For vs. Linq - Performance vs. Future

Very brief question. I have a randomly sorted large string array (100K+ entries) where I want to find the first occurance of a desired string. I have two solutions.
From having read what I can my guess is that the 'for loop' is going to currently give slightly better performance (but this margin could always change), but I also find the linq version much more readable. On balance which method is generally considered current best coding practice and why?
string matchString = "dsf897sdf78";
int matchIndex = -1;
for(int i=0; i<array.length; i++)
{
if(array[i]==matchString)
{
matchIndex = i;
break;
}
}
or
int matchIndex = array.Select((r, i) => new { value = r, index = i })
.Where(t => t.value == matchString)
.Select(s => s.index).First();
The best practice depends on what you need:
Development speed and maintainability: LINQ
Performance (according to profiling tools): manual code
LINQ really does slow things down with all the indirection. Don't worry about it as 99% of your code does not impact end user performance.
I started with C++ and really learnt how to optimize a piece of code. LINQ is not suited to get the most out of your CPU. So if you measure a LINQ query to be a problem just ditch it. But only then.

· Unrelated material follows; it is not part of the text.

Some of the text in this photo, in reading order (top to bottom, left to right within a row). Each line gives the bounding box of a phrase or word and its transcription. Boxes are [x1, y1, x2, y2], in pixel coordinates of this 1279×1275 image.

For your code sample I'd estimate a 3x slowdown. The allocations (and subsequent GC!) and indirections through the lambdas really hurt.
Slightly better performance? A loop will give SIGNIFICANTLY better performance!

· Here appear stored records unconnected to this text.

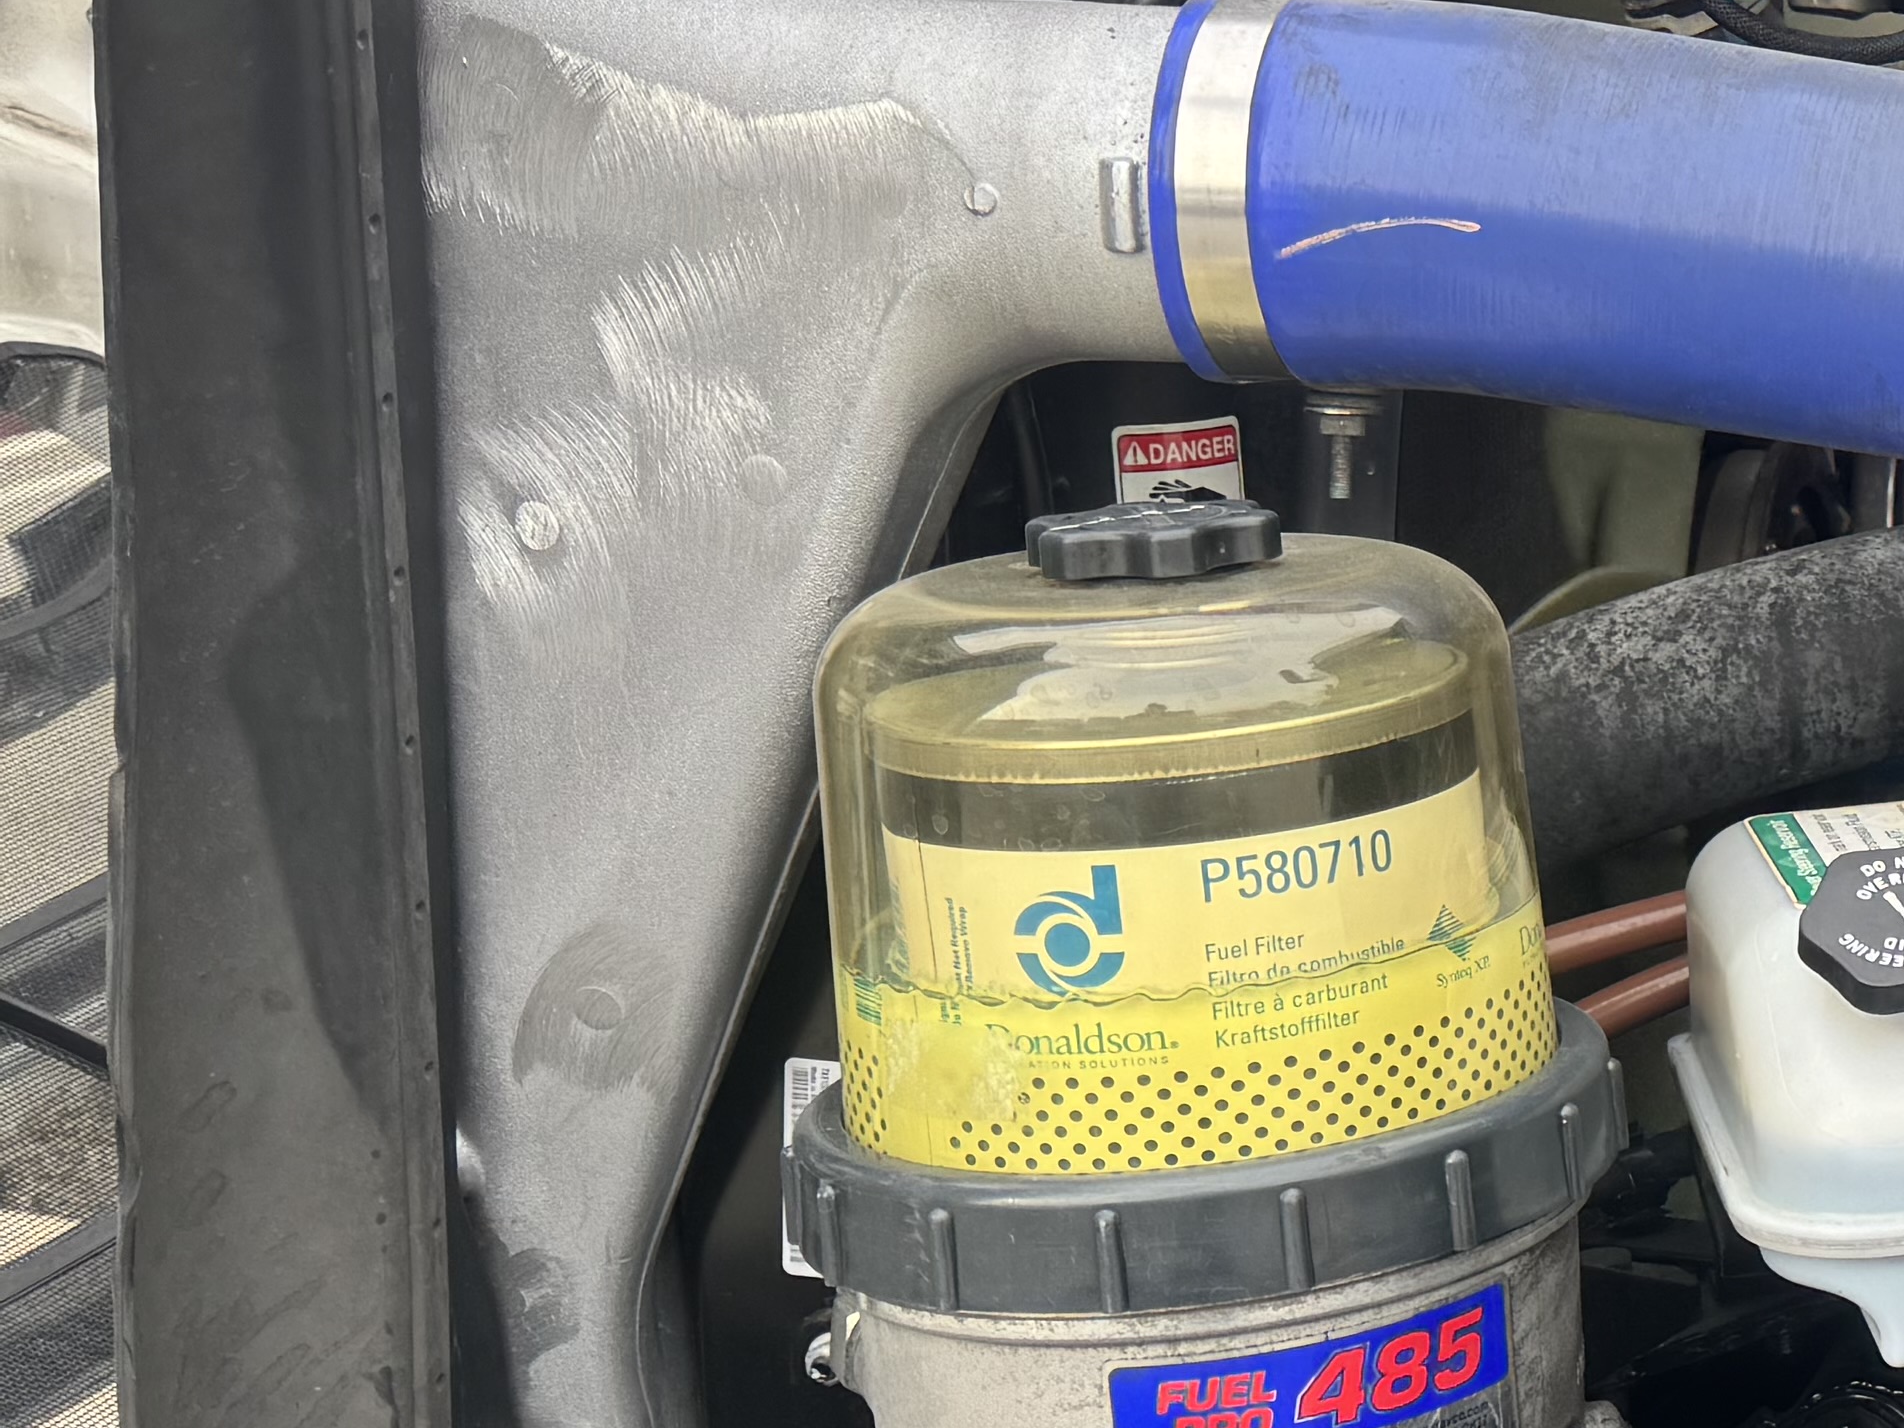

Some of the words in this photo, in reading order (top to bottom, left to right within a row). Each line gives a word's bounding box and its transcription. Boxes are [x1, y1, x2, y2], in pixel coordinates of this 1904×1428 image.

[1149, 435, 1235, 464] DANGER
[1200, 828, 1392, 903] P580710
[1860, 860, 1886, 877] DO
[1205, 939, 1248, 962] Fuel
[1255, 933, 1305, 956] Filter
[1212, 996, 1265, 1021] Filtre
[1274, 993, 1285, 1012] à
[1292, 973, 1389, 1009] carburant
[985, 1022, 1169, 1055] onaldson
[1215, 1010, 1361, 1049] Kraftstofffilter
[1080, 1056, 1169, 1070] SOLUTIONS
[1294, 1306, 1484, 1427] 485
[1156, 1370, 1277, 1416] FUEL

Consider the code below. On my system for a RELEASE (not debug) build, it gives:
Found via loop at index 999999 in 00:00:00.2782047
Found via linq at index 999999 in 00:00:02.5864703
Loop was 9.29700432810805 times faster than linq.

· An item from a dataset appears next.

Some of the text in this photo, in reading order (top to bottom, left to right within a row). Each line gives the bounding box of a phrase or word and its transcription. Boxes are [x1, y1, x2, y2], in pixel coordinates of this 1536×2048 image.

The code is deliberately set up so that the item to be found is right at the end. If it was right at the start, things would be quite different.
using System;
using System.Collections.Generic;
using System.Diagnostics;
using System.Linq;
namespace Demo
{
public static class Program
{
private static void Main(string[] args)
{
string[] a = new string[1000000];
for (int i = 0; i < a.Length; ++i)
{
a[i] = "Won't be found";
}
string matchString = "Will be found";
a[a.Length - 1] = "Will be found";
const int COUNT = 100;
var sw = Stopwatch.StartNew();
int matchIndex = -1;
for (int outer = 0; outer < COUNT; ++outer)
{
for (int i = 0; i < a.Length; i++)
{
if (a[i] == matchString)
{
matchIndex = i;
break;
}
}
}
sw.Stop();
Console.WriteLine("Found via loop at index " + matchIndex + " in " + sw.Elapsed);
double loopTime = sw.Elapsed.TotalSeconds;
sw.Restart();
for (int outer = 0; outer < COUNT; ++outer)
{
matchIndex = a.Select((r, i) => new { value = r, index = i })
.Where(t => t.value == matchString)
.Select(s => s.index).First();
}
sw.Stop();
Console.WriteLine("Found via linq at index " + matchIndex + " in " + sw.Elapsed);
double linqTime = sw.Elapsed.TotalSeconds;
Console.WriteLine("Loop was {0} times faster than linq.", linqTime/loopTime);
}
}
}
LINQ, according to declarative paradigm, expresses the logic of a computation without describing its control flow. The query is goal oriented, selfdescribing and thus easy to analyse and understand. Is also concise. Moreover, using LINQ, one depends highly upon abstraction of data structure. That involves high rate of maintanability and reusability.
Iteration aproach addresses imperative paradigm. It gives fine-grained control, thus ease obtain higher performance. The code is also simpler to debug. Sometimes well contructed iteration is more readable than query.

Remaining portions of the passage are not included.